From the first line to the last, restate the data exactly, leaving out the images.

[Dataset entries]
--- --- ---
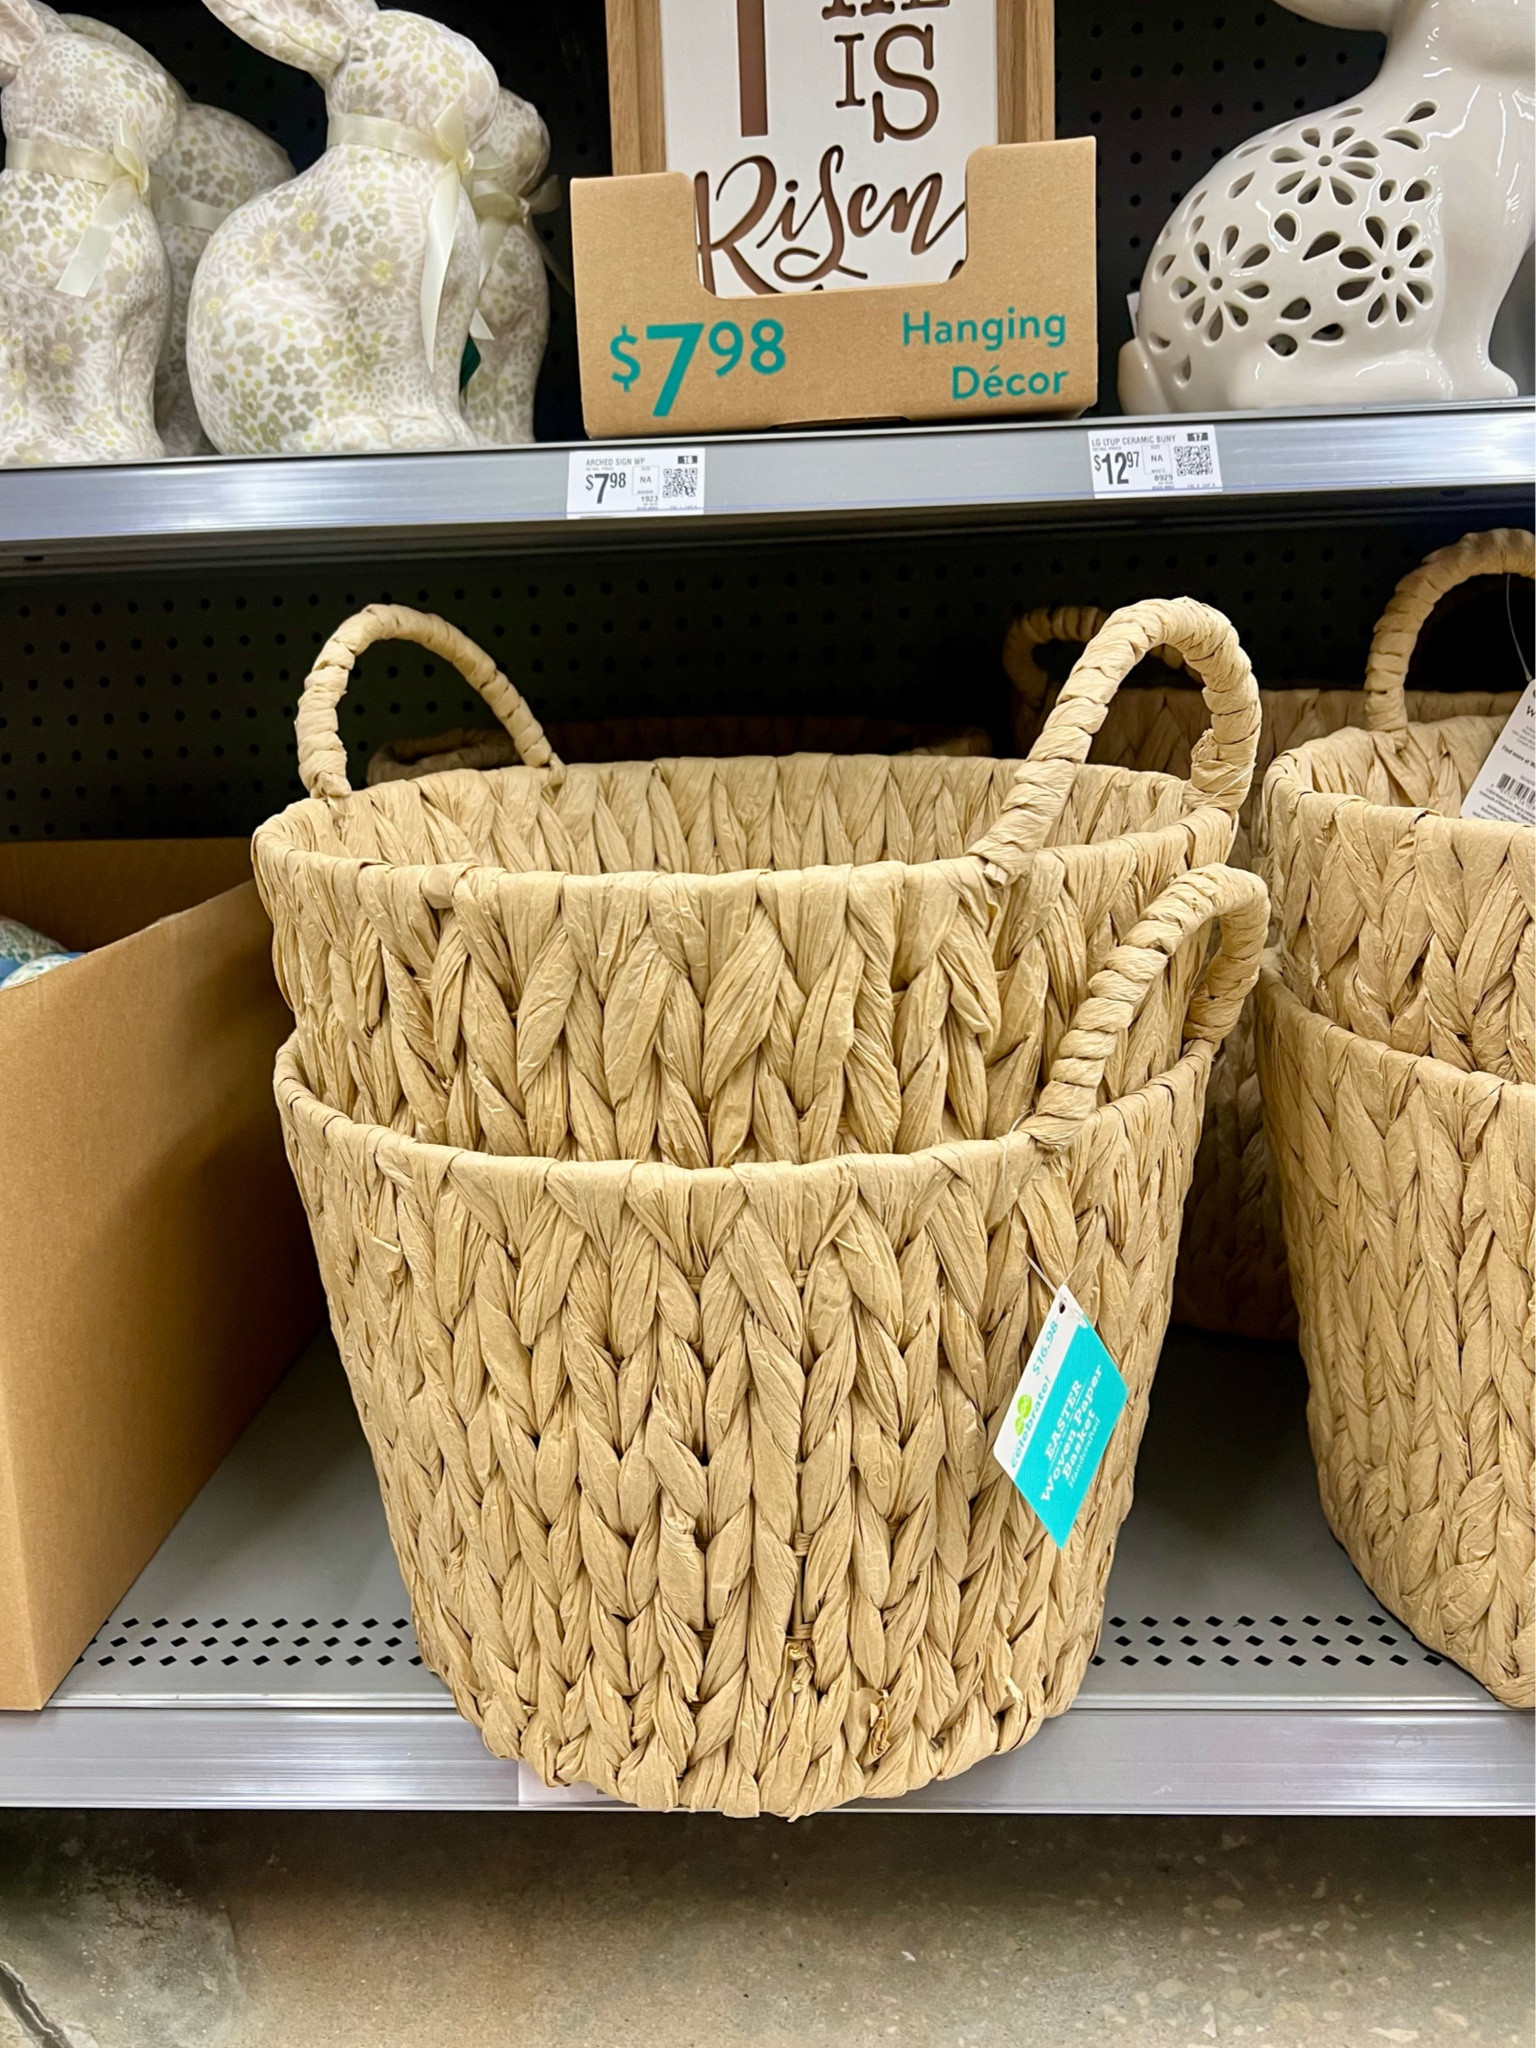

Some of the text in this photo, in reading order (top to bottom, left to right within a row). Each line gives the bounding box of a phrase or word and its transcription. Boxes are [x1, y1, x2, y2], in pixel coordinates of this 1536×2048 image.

[834, 23, 940, 143] IS
[694, 145, 966, 296] Risen
[902, 307, 1067, 352] Hanging
[951, 366, 1069, 400] Décor
[615, 457, 631, 466] SIGN
[1092, 439, 1101, 447] LG
[1122, 436, 1154, 444] CERAMIC
[1156, 435, 1176, 443] BUNY
[1032, 1320, 1059, 1376] $16.98
[1010, 1375, 1052, 1468] celebrate!
[1040, 1364, 1103, 1502] Woven Paper
[1044, 1379, 1083, 1461] EASTER
[1061, 1408, 1096, 1481] Basket
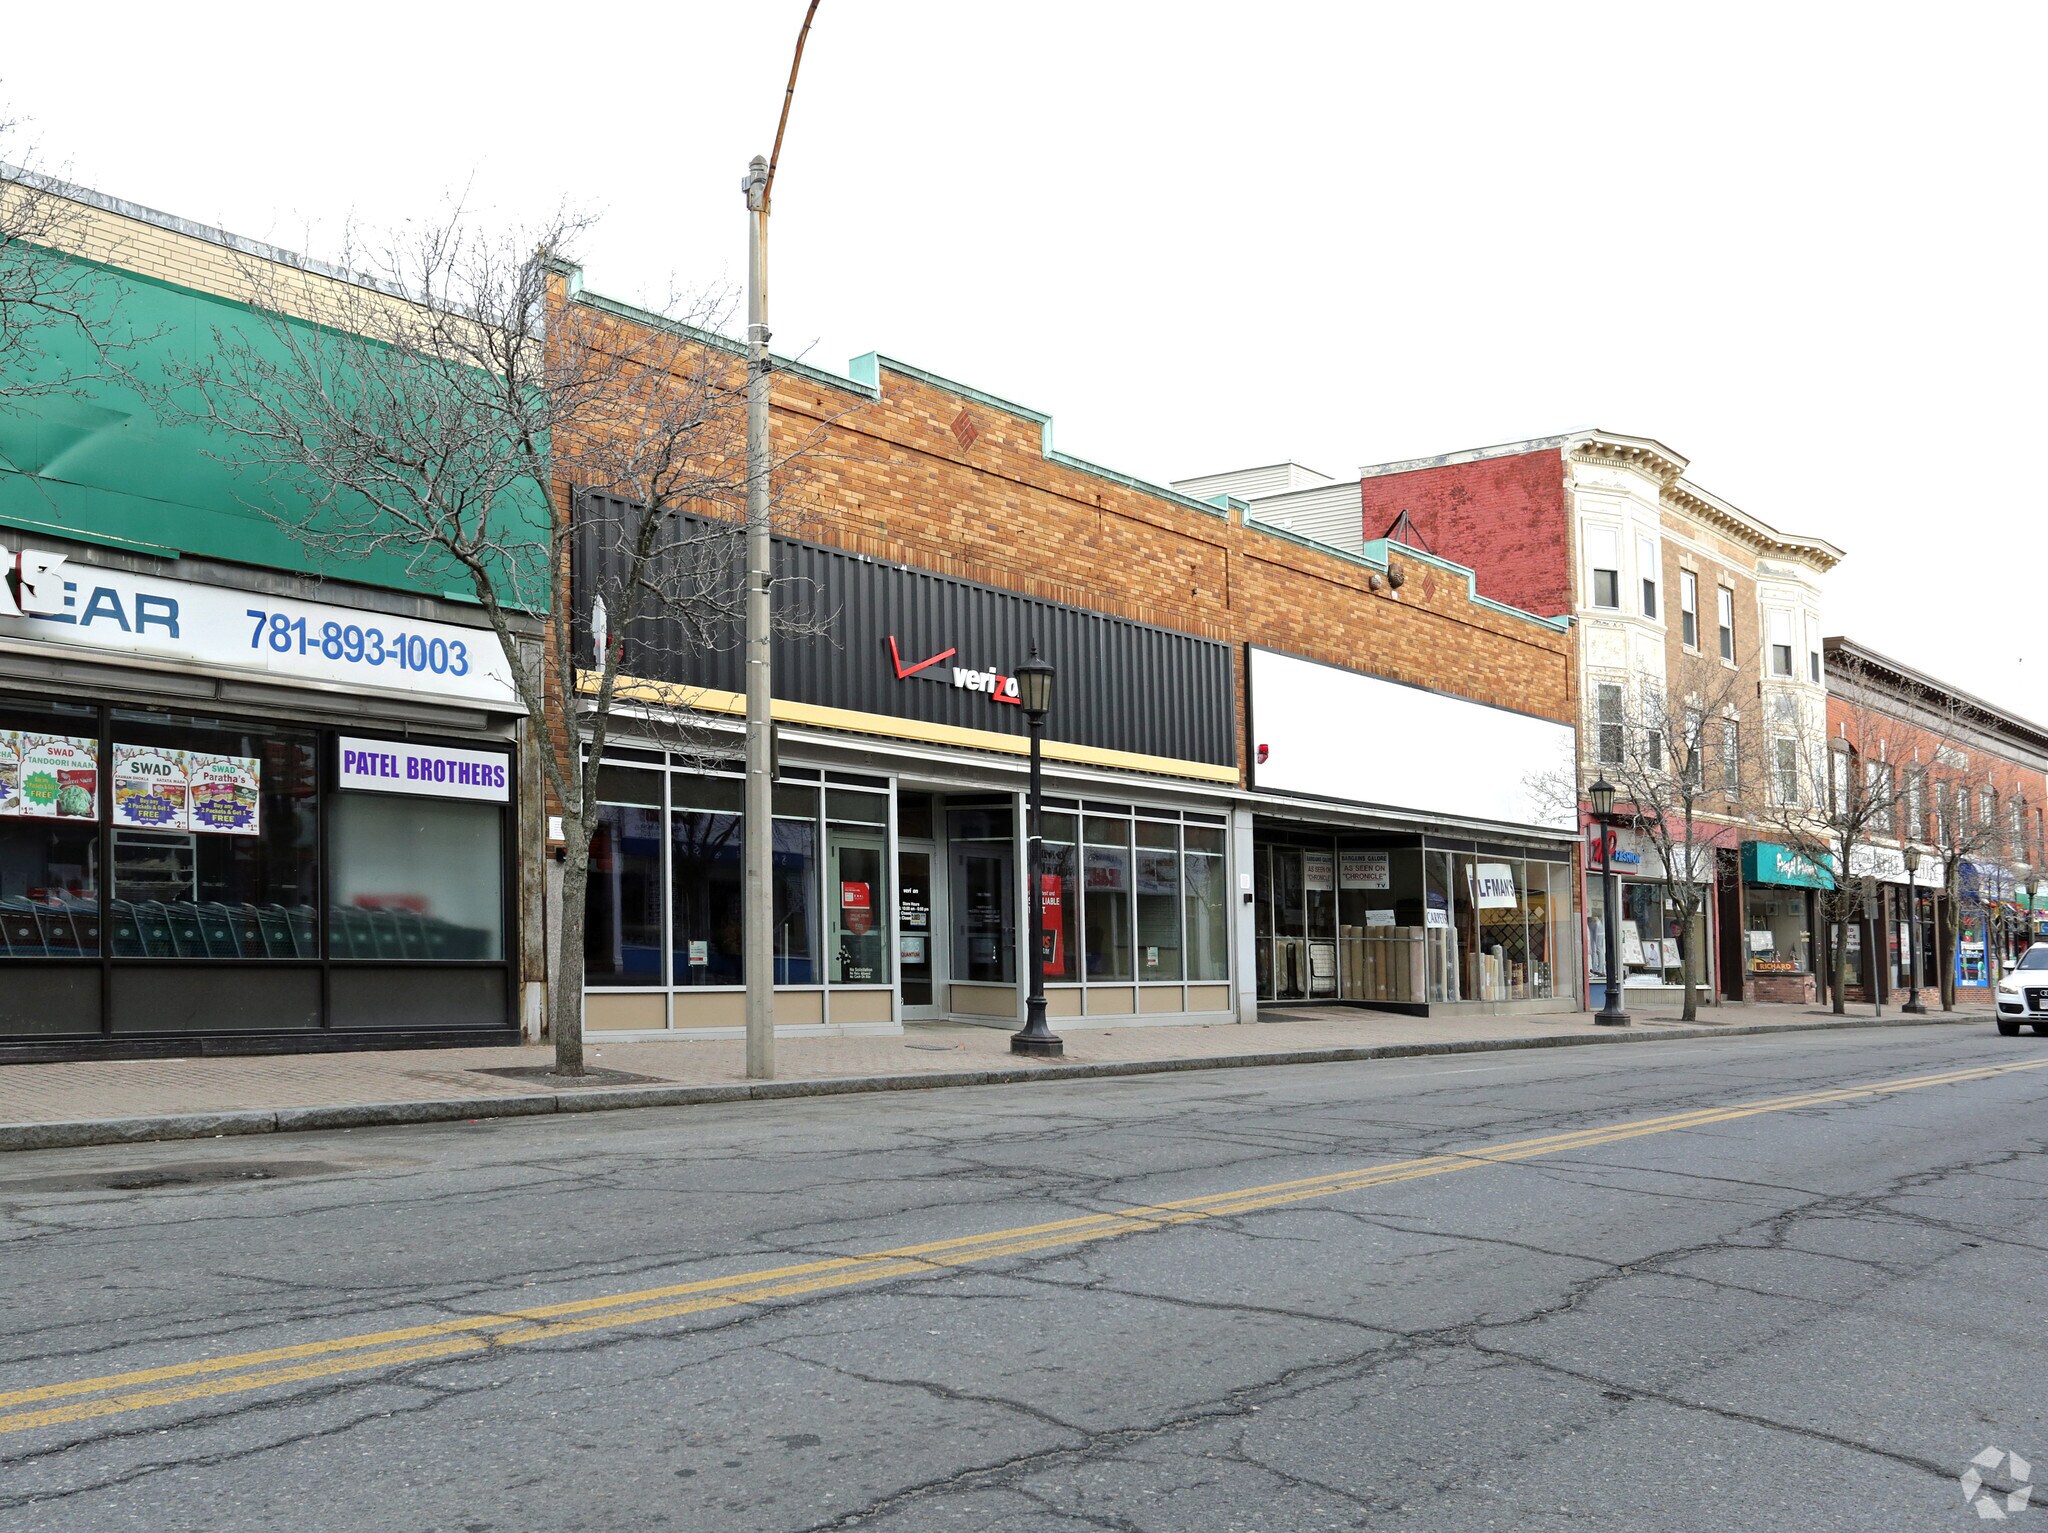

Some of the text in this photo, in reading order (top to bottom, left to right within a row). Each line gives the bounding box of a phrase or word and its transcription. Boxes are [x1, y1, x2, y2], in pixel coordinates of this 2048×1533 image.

[247, 610, 468, 677] 781-893-1003
[953, 667, 1021, 705] verizo
[47, 747, 74, 757] SWAD
[28, 756, 94, 769] TANDOORI NAAN
[131, 761, 172, 776] SWAD
[212, 765, 236, 774] SWAD
[344, 750, 505, 788] PATEL BROTHERS
[203, 771, 246, 784] Paratha's
[30, 790, 52, 799] FREE
[138, 810, 160, 818] FREE
[206, 807, 227, 815] Packets
[212, 814, 235, 823] FREE
[1342, 872, 1387, 881] "CHRONICLE"
[1041, 897, 1060, 906] LIABLE
[1760, 962, 1792, 970] RICHARD
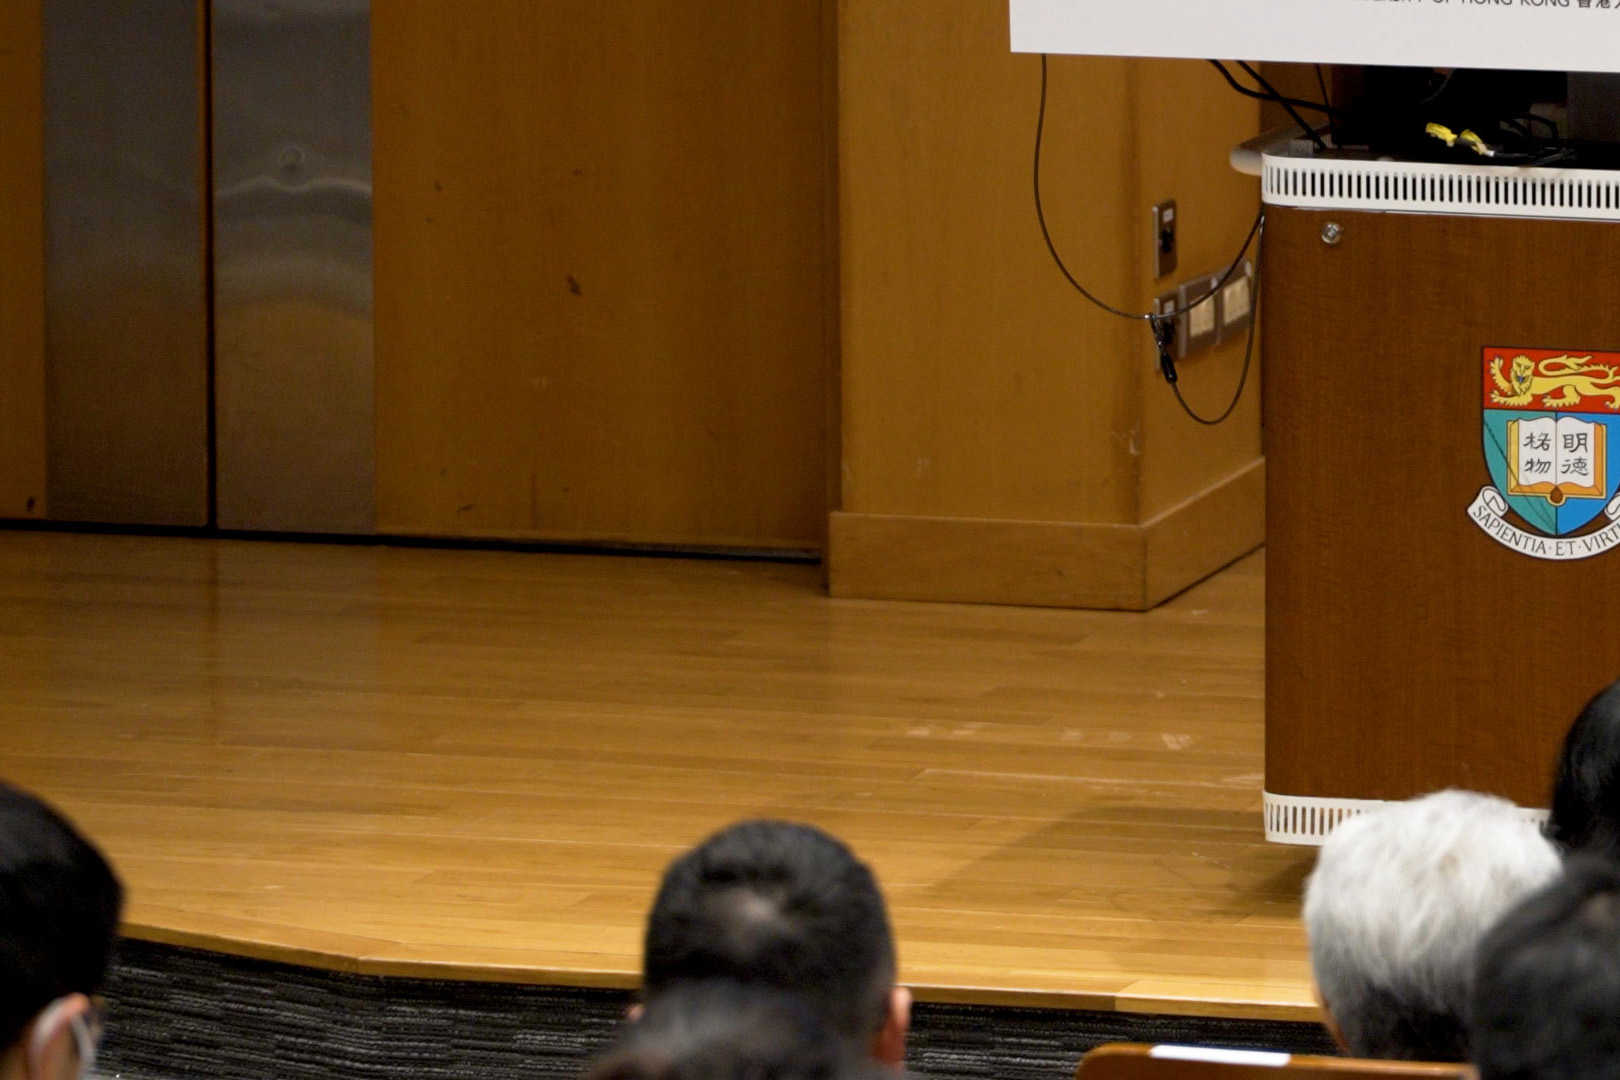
--- --- ---
Answer section:
Some of the text in this photo, in reading order (top to bottom, left to right within a row). Each line gives the bounding box of a phrase or word and its transcription. Boxes are [x1, y1, x2, y2], in pixel coordinates of this 1536×2048 image.

[834, 23, 940, 143] IS
[694, 145, 966, 296] Risen
[902, 307, 1067, 352] Hanging
[951, 366, 1069, 400] Décor
[615, 457, 631, 466] SIGN
[1092, 439, 1101, 447] LG
[1122, 436, 1154, 444] CERAMIC
[1156, 435, 1176, 443] BUNY
[1032, 1320, 1059, 1376] $16.98
[1010, 1375, 1052, 1468] celebrate!
[1040, 1364, 1103, 1502] Woven Paper
[1044, 1379, 1083, 1461] EASTER
[1061, 1408, 1096, 1481] Basket

Some of the text in this photo, in reading order (top to bottom, left to right within a row). Each line gives the bounding box of a phrase or word and its transcription. Boxes are [x1, y1, x2, y2], in pixel coordinates of this 2048×1533 image.

[247, 610, 468, 677] 781-893-1003
[953, 667, 1021, 705] verizo
[47, 747, 74, 757] SWAD
[28, 756, 94, 769] TANDOORI NAAN
[131, 761, 172, 776] SWAD
[212, 765, 236, 774] SWAD
[344, 750, 505, 788] PATEL BROTHERS
[203, 771, 246, 784] Paratha's
[30, 790, 52, 799] FREE
[138, 810, 160, 818] FREE
[206, 807, 227, 815] Packets
[212, 814, 235, 823] FREE
[1342, 872, 1387, 881] "CHRONICLE"
[1041, 897, 1060, 906] LIABLE
[1760, 962, 1792, 970] RICHARD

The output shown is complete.